The malware, which has been successfully embedded into apps on the popular Apple store is being referred to as XcodeGhost, dutifully named for its surprising appearance in the software marketplace. Its presence marks it as the first large scale malevolent software attack on the Apple App store, which until now has managed to stay squeaky clean thanks to a strict and rigorous review procedure for incoming apps. In fact, according to security firm Palo Alto Networks, before this particularly harsh penetration of its services Apple had only ever discovered a total of five malicious programs embedded into apps featured on its iStore.
The XcodeGhost malware is believed to have been spread successfully due to the hackers innovative app infection technique. The unusual method convinced developers to use a phony version of Apple’s iOS app development software, Xcode. The counterfeit development software hid the malicious code inside the genuine Apps, leading to the problem.
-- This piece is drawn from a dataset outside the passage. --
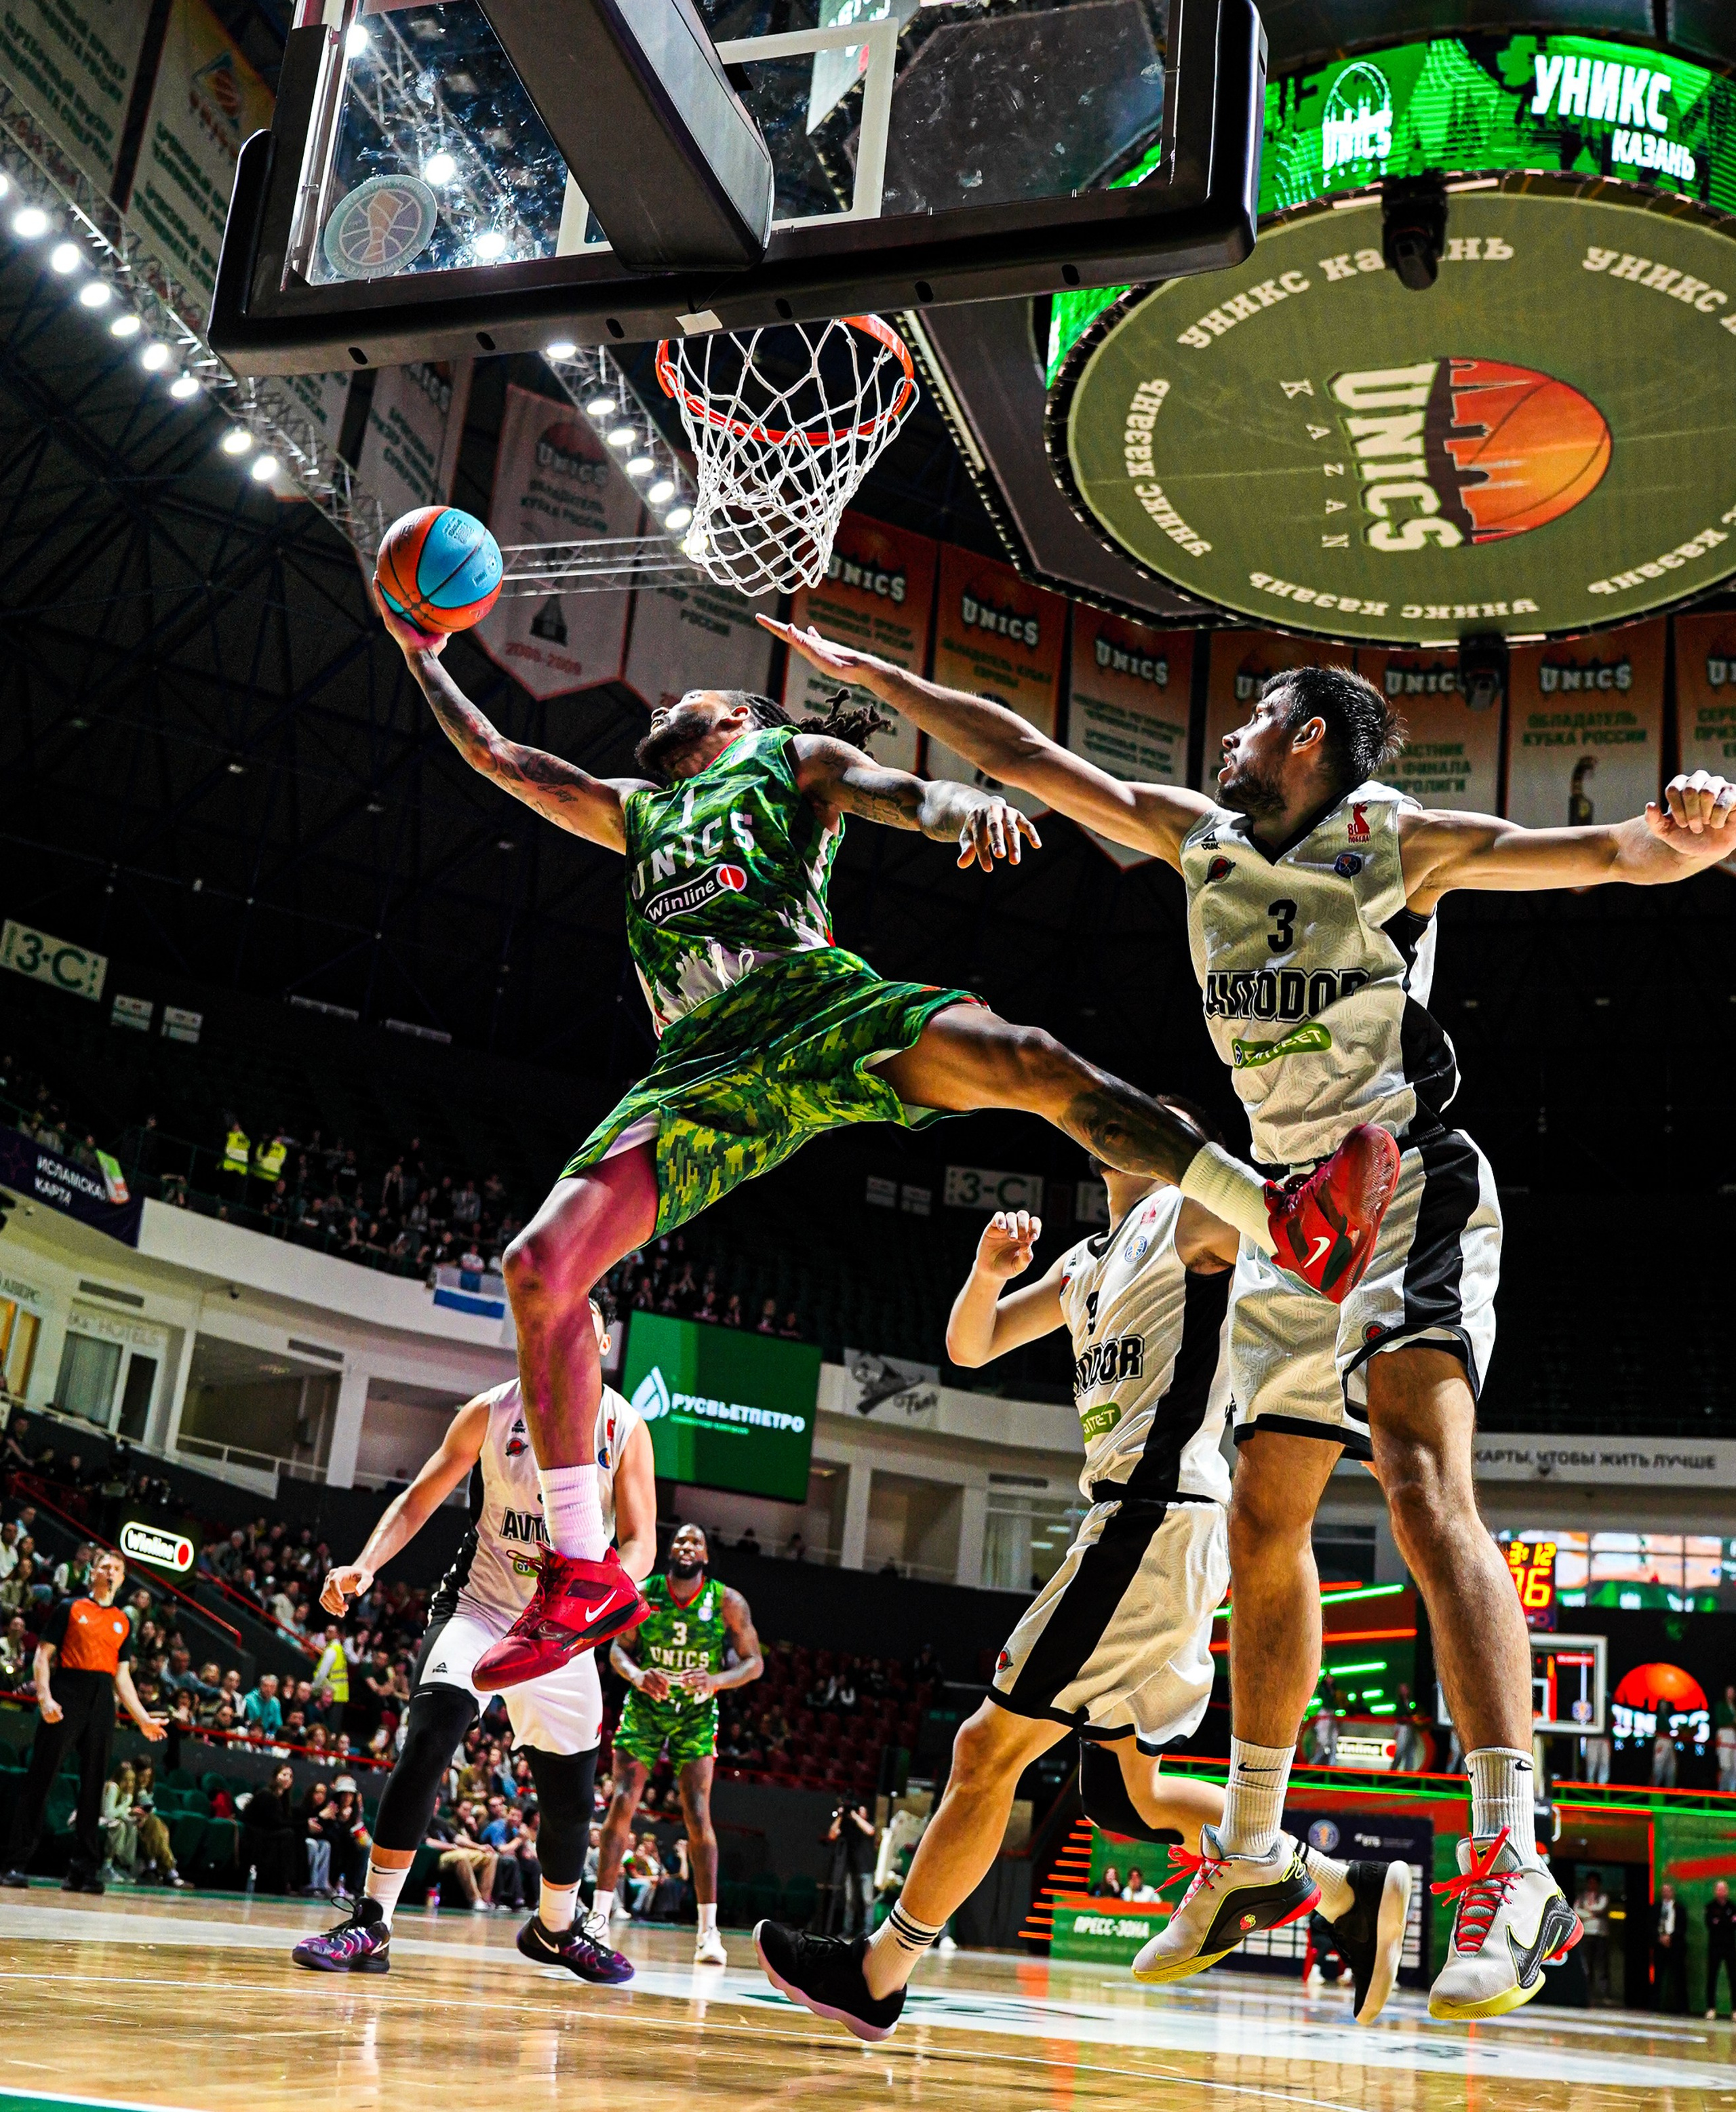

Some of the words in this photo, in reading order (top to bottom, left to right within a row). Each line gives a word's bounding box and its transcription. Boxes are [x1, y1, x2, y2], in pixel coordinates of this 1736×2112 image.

Apple’s spokesperson Christine Monaghan released the following statement explaining Apple’s position. Unfortunately, it does not include any information about what iPhone and iPad users can do to find out if they have any apps created using the fake version of Xcode,
‘We’ve removed the apps from the App Store that we know have been created with this counterfeit software. We are working with the developers to make sure they’re using the proper version of Xcode to rebuild their apps.’
Director of Threat Intelligence at Palo Alto, Ryan Olson, has said that the attack is ‘a pretty big deal’ even though the malware has a relatively limited purpose. According to Olson, Palo Alto has not been able to uncover any evidence of the malware directly resulting in data theft. He has warned however that the malware does allow the hacker to send fake notifications that could trick the user into disclosing sensitive information. XcodeGhost also permits the attacker to see what is written on the clipboard, meaning that any log in details or confidential information that pass through the clipboard are at risk.
Where Olson also sees a reason for concern is in the fact that a hacker has been able to infect the iOS App Store via a legitimate third party. This he explains, could mean that other hackers create copycat attacks, which focus on infecting developers for the same ends. ‘Developers are now a huge target’ he commented.
Very few of the Apps that are known to have XcodeGhost have been named so far and Apple is refusing to disclose which ones it knows about. Apple says it is working closely with the developers of affected apps, also helping them to make sure that they have a legitimate version of Xcode to rebuild their apps. A Chinese digital security company called Qihoo360 Technology Co said in its blog that it has discovered 344 apps on the iStore that have the malware.
Known apps that suffered from infection include Tencent‘s incredibly popular messaging software WeChat, NetEase’s music app and Didi Kuaidi’s car-hailing app. Tencent has released a statement, however, claiming that XcodeGhost only affected older versions of its app,
‘A security flaw, caused by an external malware, was recently discovered affecting iOS users only on WeChat version 6.2.5. This flaw has been repaired and will not affect users who install or upgrade WeChat version 6.2.6 or greater, currently available on the iOS App Store.’
It is believed that developers may have ended up with the fake xCode software by downloading it from a Chinese site from which it was available with faster download speeds than the official Apple site. Apple has already removed all known infected apps from its iOS App Store.